Goal of the exercise –
Every line from the one with "this 1536×1366 image." through the final line of the entries below should be returned exactly; leave out all other lines.
[Raw data — start]
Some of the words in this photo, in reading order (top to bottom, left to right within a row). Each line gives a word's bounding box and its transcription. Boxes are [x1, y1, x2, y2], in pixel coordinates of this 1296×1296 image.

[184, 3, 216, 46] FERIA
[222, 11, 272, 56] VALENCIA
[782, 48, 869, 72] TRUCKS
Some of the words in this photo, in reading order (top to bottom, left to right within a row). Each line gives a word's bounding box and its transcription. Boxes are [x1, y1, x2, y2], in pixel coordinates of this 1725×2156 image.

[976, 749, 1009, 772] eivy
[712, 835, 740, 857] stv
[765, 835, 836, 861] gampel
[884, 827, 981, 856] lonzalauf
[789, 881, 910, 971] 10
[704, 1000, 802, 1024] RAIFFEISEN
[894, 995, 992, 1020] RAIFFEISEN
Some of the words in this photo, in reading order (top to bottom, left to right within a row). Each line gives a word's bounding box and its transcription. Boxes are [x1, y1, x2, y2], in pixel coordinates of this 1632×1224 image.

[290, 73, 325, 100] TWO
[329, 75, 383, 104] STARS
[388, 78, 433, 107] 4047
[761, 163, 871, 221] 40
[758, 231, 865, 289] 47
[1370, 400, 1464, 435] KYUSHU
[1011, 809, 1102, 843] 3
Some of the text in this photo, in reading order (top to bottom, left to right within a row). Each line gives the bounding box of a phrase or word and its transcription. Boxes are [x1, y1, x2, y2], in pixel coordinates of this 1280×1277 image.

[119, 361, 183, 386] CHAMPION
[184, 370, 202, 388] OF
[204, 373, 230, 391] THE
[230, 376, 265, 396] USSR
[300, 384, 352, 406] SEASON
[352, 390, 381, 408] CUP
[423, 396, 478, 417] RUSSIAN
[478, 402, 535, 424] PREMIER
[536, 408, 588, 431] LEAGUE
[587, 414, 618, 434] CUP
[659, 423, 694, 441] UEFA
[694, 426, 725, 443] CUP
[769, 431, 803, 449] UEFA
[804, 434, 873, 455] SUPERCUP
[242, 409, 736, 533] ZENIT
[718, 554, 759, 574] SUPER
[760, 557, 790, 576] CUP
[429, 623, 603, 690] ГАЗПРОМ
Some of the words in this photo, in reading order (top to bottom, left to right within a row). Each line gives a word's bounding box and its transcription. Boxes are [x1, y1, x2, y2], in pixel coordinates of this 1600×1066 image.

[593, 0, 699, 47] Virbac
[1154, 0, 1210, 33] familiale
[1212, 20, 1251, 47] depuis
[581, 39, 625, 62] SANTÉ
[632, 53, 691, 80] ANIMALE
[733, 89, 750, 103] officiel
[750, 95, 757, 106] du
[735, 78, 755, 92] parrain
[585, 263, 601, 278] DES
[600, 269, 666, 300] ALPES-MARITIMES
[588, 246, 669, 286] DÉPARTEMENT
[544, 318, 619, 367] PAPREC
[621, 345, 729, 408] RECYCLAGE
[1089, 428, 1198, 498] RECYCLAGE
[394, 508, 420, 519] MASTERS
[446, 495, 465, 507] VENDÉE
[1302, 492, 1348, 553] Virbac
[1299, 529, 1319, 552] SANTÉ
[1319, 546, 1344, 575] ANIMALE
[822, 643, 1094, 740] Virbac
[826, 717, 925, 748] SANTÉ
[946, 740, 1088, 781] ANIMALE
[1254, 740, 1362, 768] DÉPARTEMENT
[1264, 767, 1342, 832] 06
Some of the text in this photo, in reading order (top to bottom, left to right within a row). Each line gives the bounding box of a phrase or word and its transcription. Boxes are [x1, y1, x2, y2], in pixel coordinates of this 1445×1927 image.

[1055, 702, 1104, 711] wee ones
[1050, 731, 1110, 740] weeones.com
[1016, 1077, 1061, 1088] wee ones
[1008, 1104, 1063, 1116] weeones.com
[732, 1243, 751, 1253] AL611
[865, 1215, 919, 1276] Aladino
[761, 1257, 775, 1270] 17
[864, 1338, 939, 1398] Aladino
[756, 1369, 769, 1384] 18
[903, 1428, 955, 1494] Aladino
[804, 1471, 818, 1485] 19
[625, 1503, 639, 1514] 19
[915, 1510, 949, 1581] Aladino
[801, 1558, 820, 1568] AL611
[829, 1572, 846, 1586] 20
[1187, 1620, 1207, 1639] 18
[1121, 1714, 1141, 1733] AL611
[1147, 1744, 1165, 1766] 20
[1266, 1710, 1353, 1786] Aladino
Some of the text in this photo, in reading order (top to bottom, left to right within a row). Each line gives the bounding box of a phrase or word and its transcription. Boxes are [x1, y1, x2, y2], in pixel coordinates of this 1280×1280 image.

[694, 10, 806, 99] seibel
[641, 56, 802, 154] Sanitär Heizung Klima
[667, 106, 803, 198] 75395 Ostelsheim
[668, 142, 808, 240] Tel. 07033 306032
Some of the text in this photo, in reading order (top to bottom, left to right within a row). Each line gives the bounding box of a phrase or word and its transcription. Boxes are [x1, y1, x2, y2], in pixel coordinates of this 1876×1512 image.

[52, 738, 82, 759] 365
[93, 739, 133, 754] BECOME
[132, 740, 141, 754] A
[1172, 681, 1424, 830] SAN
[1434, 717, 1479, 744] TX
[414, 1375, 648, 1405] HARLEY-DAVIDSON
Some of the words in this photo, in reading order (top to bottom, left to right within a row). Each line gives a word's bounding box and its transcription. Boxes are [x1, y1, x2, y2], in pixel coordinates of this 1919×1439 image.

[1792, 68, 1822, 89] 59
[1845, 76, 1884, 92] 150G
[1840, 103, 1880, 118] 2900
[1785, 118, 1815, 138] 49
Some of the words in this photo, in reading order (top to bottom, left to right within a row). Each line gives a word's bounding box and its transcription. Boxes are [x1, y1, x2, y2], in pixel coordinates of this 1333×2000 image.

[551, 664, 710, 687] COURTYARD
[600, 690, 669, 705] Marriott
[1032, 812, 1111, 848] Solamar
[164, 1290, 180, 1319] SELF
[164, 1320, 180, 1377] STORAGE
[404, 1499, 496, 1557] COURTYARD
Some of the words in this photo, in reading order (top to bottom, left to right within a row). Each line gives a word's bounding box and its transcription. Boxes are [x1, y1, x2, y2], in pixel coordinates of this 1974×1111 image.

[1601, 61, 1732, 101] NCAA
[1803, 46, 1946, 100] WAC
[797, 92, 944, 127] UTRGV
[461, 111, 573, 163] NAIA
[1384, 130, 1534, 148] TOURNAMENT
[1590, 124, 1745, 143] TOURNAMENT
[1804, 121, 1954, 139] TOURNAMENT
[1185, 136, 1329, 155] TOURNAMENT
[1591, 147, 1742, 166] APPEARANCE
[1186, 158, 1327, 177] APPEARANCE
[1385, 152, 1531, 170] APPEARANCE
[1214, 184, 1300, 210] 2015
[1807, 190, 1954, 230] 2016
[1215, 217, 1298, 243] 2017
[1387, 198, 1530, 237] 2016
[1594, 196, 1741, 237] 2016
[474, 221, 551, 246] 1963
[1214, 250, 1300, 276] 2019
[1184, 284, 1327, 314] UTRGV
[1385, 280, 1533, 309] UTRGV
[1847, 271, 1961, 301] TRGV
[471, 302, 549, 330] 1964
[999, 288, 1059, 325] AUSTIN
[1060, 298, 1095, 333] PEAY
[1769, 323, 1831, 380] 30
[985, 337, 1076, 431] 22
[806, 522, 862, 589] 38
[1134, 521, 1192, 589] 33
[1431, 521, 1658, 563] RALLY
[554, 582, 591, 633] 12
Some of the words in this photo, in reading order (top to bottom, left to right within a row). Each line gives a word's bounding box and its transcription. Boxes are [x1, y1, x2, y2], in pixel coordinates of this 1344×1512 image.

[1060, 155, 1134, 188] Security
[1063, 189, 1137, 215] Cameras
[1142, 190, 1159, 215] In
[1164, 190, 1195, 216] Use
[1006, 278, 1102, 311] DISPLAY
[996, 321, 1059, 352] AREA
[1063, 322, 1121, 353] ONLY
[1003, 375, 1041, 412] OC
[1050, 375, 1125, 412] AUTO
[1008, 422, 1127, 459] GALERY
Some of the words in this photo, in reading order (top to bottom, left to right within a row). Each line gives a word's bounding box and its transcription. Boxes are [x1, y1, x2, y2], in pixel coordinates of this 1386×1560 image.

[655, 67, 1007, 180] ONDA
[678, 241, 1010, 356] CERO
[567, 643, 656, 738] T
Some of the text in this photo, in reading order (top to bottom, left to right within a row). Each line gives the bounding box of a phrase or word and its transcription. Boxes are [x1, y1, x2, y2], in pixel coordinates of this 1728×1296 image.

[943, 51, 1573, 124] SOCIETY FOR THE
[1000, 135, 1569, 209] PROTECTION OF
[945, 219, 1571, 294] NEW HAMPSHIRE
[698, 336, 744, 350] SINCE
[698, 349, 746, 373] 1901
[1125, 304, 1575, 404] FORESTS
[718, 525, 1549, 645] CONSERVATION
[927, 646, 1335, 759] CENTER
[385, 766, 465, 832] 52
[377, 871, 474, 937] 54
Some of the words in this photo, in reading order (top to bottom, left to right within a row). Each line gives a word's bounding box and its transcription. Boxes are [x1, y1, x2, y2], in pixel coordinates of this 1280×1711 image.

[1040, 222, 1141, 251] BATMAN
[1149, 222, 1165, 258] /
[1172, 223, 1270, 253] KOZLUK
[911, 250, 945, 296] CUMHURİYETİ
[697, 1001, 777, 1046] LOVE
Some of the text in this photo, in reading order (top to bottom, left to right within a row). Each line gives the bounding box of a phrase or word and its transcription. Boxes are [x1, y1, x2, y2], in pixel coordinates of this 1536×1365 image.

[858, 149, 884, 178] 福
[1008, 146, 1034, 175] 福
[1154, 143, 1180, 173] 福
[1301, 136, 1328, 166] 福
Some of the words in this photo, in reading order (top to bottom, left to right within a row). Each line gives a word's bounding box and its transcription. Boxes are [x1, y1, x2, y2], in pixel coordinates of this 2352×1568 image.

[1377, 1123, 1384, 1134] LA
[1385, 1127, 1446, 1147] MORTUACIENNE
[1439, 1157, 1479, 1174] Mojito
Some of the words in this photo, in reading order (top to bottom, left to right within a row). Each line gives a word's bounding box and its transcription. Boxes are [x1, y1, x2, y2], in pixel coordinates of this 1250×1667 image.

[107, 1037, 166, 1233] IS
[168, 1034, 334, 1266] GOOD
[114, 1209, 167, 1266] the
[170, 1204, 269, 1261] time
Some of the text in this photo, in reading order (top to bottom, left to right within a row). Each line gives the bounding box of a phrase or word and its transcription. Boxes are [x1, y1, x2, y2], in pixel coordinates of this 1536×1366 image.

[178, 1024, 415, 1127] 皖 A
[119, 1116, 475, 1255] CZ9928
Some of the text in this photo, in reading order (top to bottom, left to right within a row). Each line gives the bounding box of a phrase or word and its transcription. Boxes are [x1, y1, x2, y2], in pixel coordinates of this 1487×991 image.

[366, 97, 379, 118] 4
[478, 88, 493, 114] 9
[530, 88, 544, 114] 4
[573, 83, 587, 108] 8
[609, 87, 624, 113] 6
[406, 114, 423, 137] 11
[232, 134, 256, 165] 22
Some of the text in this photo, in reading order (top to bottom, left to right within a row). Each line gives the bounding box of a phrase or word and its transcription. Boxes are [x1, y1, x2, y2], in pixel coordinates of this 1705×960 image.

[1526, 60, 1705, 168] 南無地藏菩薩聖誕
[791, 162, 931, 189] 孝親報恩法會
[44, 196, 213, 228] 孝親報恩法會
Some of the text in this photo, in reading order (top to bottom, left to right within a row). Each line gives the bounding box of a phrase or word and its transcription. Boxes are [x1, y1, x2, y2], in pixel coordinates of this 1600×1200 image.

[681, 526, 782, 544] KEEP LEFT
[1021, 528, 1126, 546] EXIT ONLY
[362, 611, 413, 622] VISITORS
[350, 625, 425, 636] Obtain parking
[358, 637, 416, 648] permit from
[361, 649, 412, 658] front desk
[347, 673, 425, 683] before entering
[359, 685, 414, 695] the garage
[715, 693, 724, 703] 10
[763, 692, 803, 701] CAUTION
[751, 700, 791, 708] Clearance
[Raw data — finish]
Solved exercise –
Some of the text in this photo, in reading order (top to bottom, left to right within a row). Each line gives the bounding box of a phrase or word and its transcription. Boxes are [x1, y1, x2, y2], in pixel coordinates of this 1536×1366 image.

[178, 1024, 415, 1127] 皖 A
[119, 1116, 475, 1255] CZ9928
Some of the text in this photo, in reading order (top to bottom, left to right within a row). Each line gives the bounding box of a phrase or word and its transcription. Boxes are [x1, y1, x2, y2], in pixel coordinates of this 1487×991 image.

[366, 97, 379, 118] 4
[478, 88, 493, 114] 9
[530, 88, 544, 114] 4
[573, 83, 587, 108] 8
[609, 87, 624, 113] 6
[406, 114, 423, 137] 11
[232, 134, 256, 165] 22
Some of the text in this photo, in reading order (top to bottom, left to right within a row). Each line gives the bounding box of a phrase or word and its transcription. Boxes are [x1, y1, x2, y2], in pixel coordinates of this 1705×960 image.

[1526, 60, 1705, 168] 南無地藏菩薩聖誕
[791, 162, 931, 189] 孝親報恩法會
[44, 196, 213, 228] 孝親報恩法會
Some of the text in this photo, in reading order (top to bottom, left to right within a row). Each line gives the bounding box of a phrase or word and its transcription. Boxes are [x1, y1, x2, y2], in pixel coordinates of this 1600×1200 image.

[681, 526, 782, 544] KEEP LEFT
[1021, 528, 1126, 546] EXIT ONLY
[362, 611, 413, 622] VISITORS
[350, 625, 425, 636] Obtain parking
[358, 637, 416, 648] permit from
[361, 649, 412, 658] front desk
[347, 673, 425, 683] before entering
[359, 685, 414, 695] the garage
[715, 693, 724, 703] 10
[763, 692, 803, 701] CAUTION
[751, 700, 791, 708] Clearance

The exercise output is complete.